Exercise details
Give back every record below in full and exactly, but without a single image.

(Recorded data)
==========

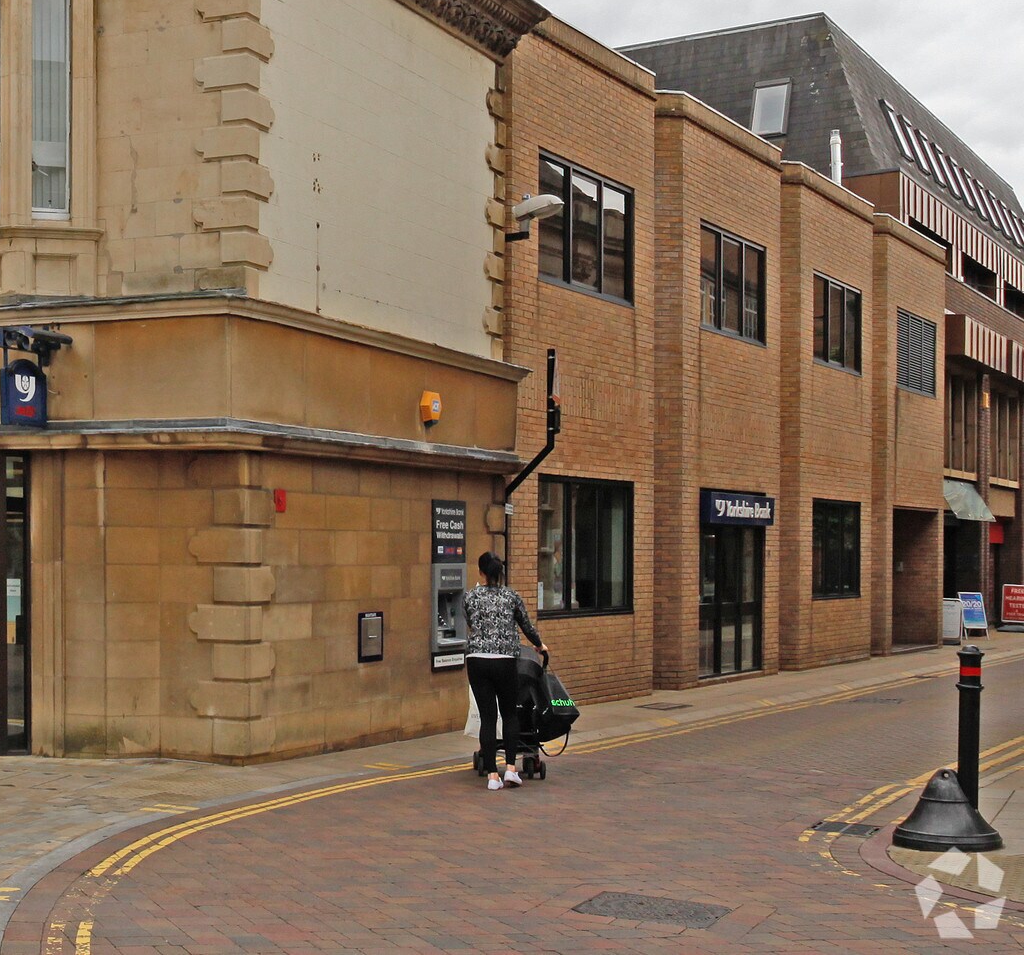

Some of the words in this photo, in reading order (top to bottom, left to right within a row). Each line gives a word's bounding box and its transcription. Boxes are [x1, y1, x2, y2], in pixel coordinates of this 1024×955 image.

[726, 500, 754, 518] Yorkshire
[754, 502, 771, 519] Bank
[436, 519, 449, 529] Free
[449, 520, 464, 530] Cash
[436, 531, 464, 539] Withdrawals
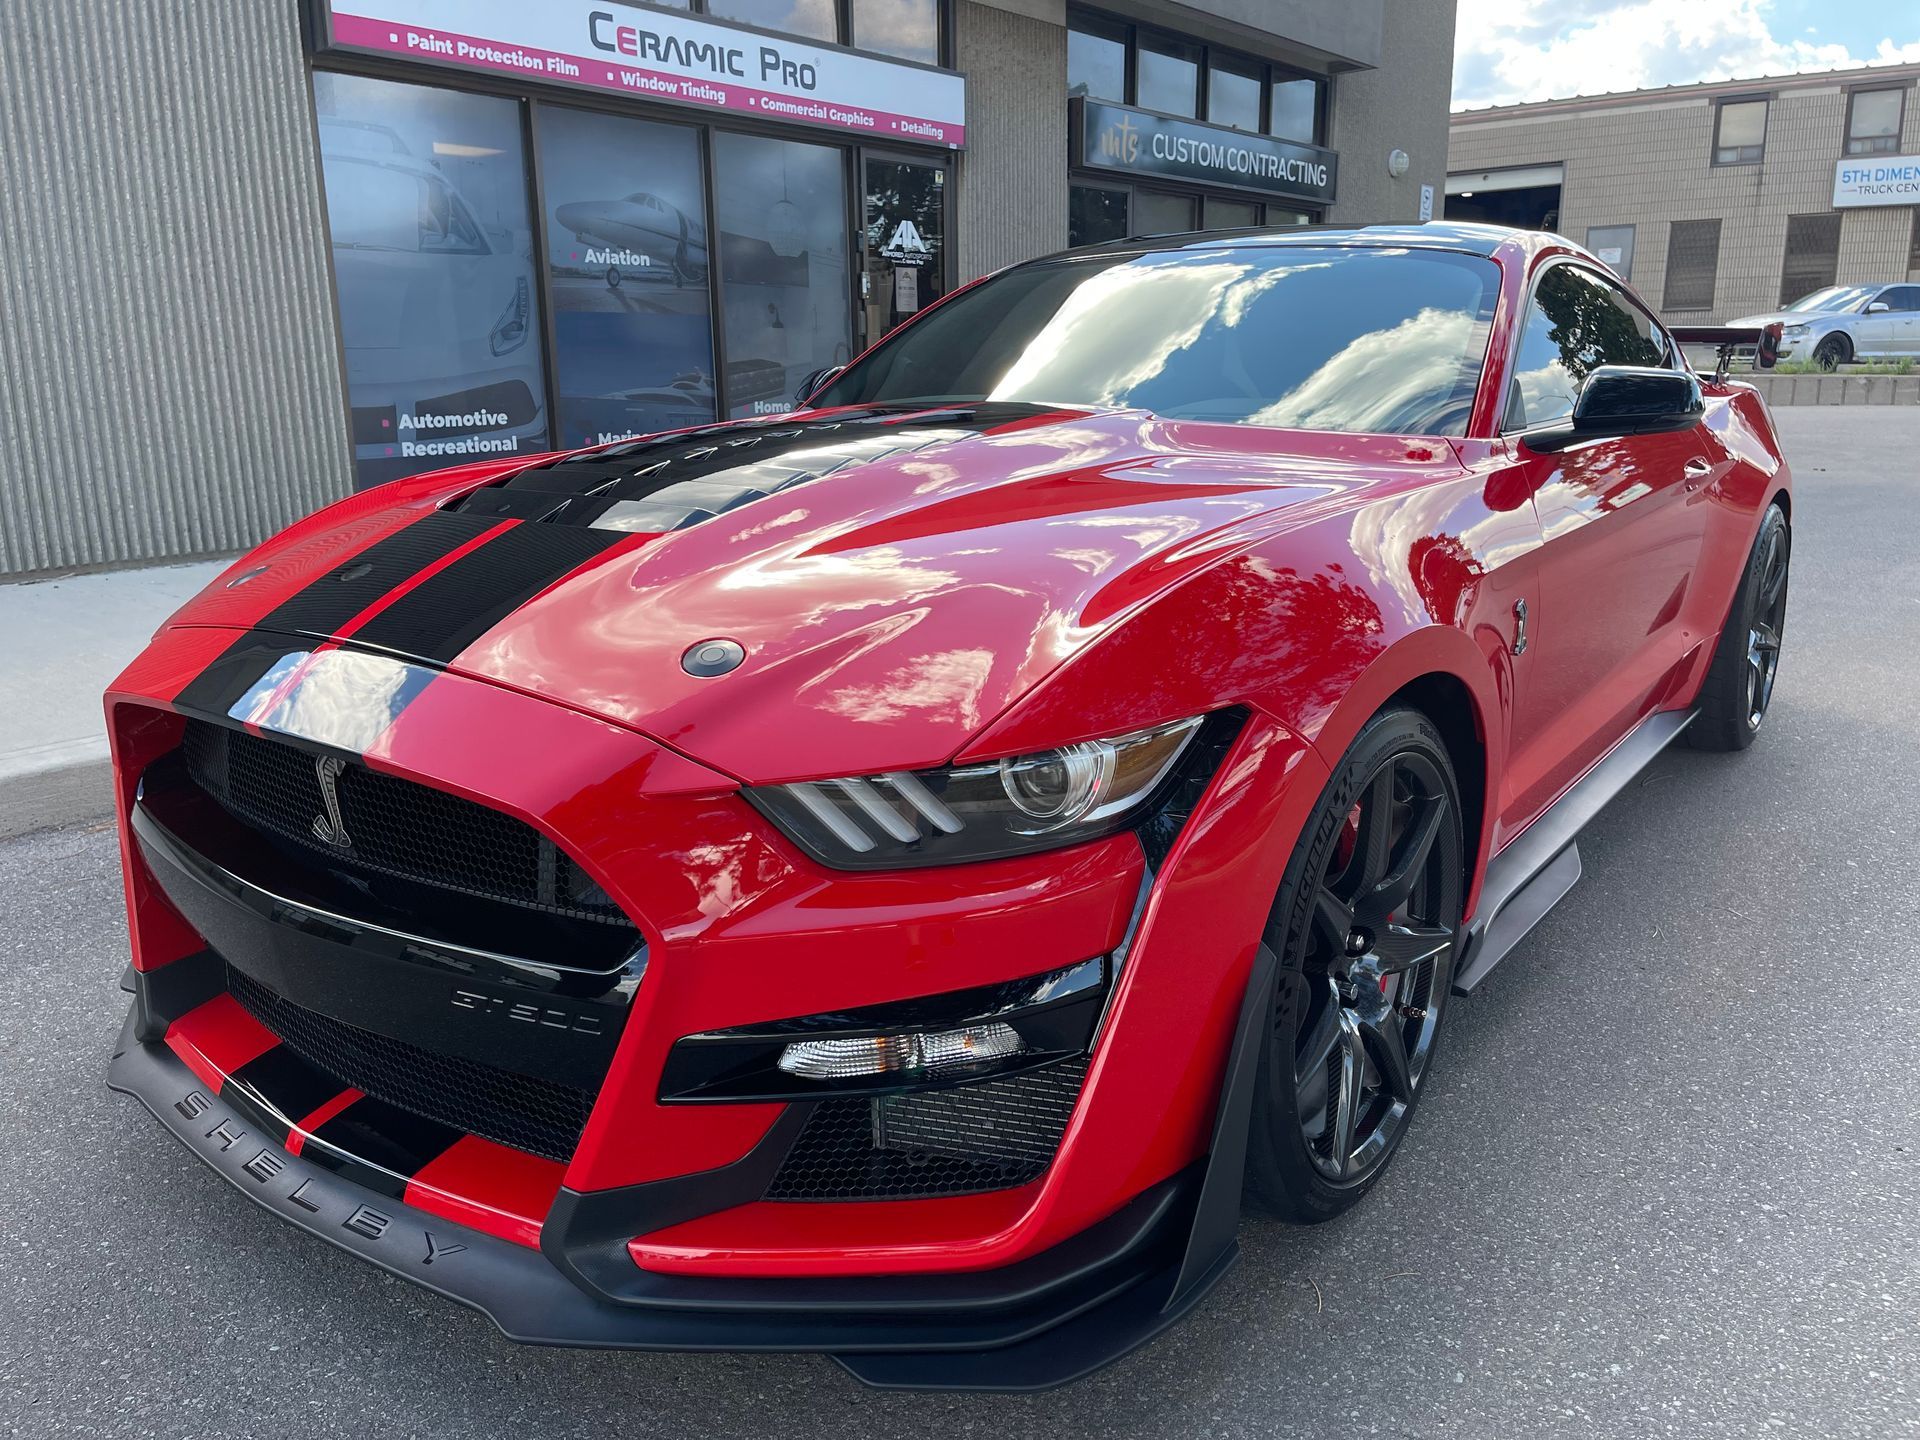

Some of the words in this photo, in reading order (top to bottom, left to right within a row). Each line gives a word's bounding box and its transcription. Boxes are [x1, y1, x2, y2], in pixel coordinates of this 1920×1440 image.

[407, 32, 454, 55] Paint
[457, 41, 543, 71] Protection
[546, 57, 580, 77] Film
[588, 11, 744, 77] CERAMIC
[760, 46, 816, 91] PRO
[620, 71, 678, 94] Window
[680, 82, 726, 104] Tinting
[760, 96, 827, 119] Commercial
[829, 109, 875, 127] Graphics
[901, 120, 944, 140] Detailing
[1152, 133, 1224, 169] CUSTOM
[1226, 147, 1327, 187] CONTRACTING
[1842, 169, 1871, 183] 5TH
[1858, 184, 1894, 194] TRUCK
[1896, 183, 1920, 193] CEN
[584, 247, 650, 266] Aviation
[754, 401, 791, 414] Home
[399, 408, 508, 430] Automotive
[401, 436, 518, 457] Recreational
[598, 429, 649, 445] Mari
[1290, 807, 1338, 938] MICHELIN
[173, 1090, 468, 1265] SHELBY

==========

Response for this exercise
Some of the words in this photo, in reading order (top to bottom, left to right within a row). Each line gives a word's bounding box and its transcription. Boxes are [x1, y1, x2, y2], in pixel coordinates of this 1024×955 image.

[726, 500, 754, 518] Yorkshire
[754, 502, 771, 519] Bank
[436, 519, 449, 529] Free
[449, 520, 464, 530] Cash
[436, 531, 464, 539] Withdrawals

Some of the words in this photo, in reading order (top to bottom, left to right within a row). Each line gives a word's bounding box and its transcription. Boxes are [x1, y1, x2, y2], in pixel coordinates of this 1920×1440 image.

[407, 32, 454, 55] Paint
[457, 41, 543, 71] Protection
[546, 57, 580, 77] Film
[588, 11, 744, 77] CERAMIC
[760, 46, 816, 91] PRO
[620, 71, 678, 94] Window
[680, 82, 726, 104] Tinting
[760, 96, 827, 119] Commercial
[829, 109, 875, 127] Graphics
[901, 120, 944, 140] Detailing
[1152, 133, 1224, 169] CUSTOM
[1226, 147, 1327, 187] CONTRACTING
[1842, 169, 1871, 183] 5TH
[1858, 184, 1894, 194] TRUCK
[1896, 183, 1920, 193] CEN
[584, 247, 650, 266] Aviation
[754, 401, 791, 414] Home
[399, 408, 508, 430] Automotive
[401, 436, 518, 457] Recreational
[598, 429, 649, 445] Mari
[1290, 807, 1338, 938] MICHELIN
[173, 1090, 468, 1265] SHELBY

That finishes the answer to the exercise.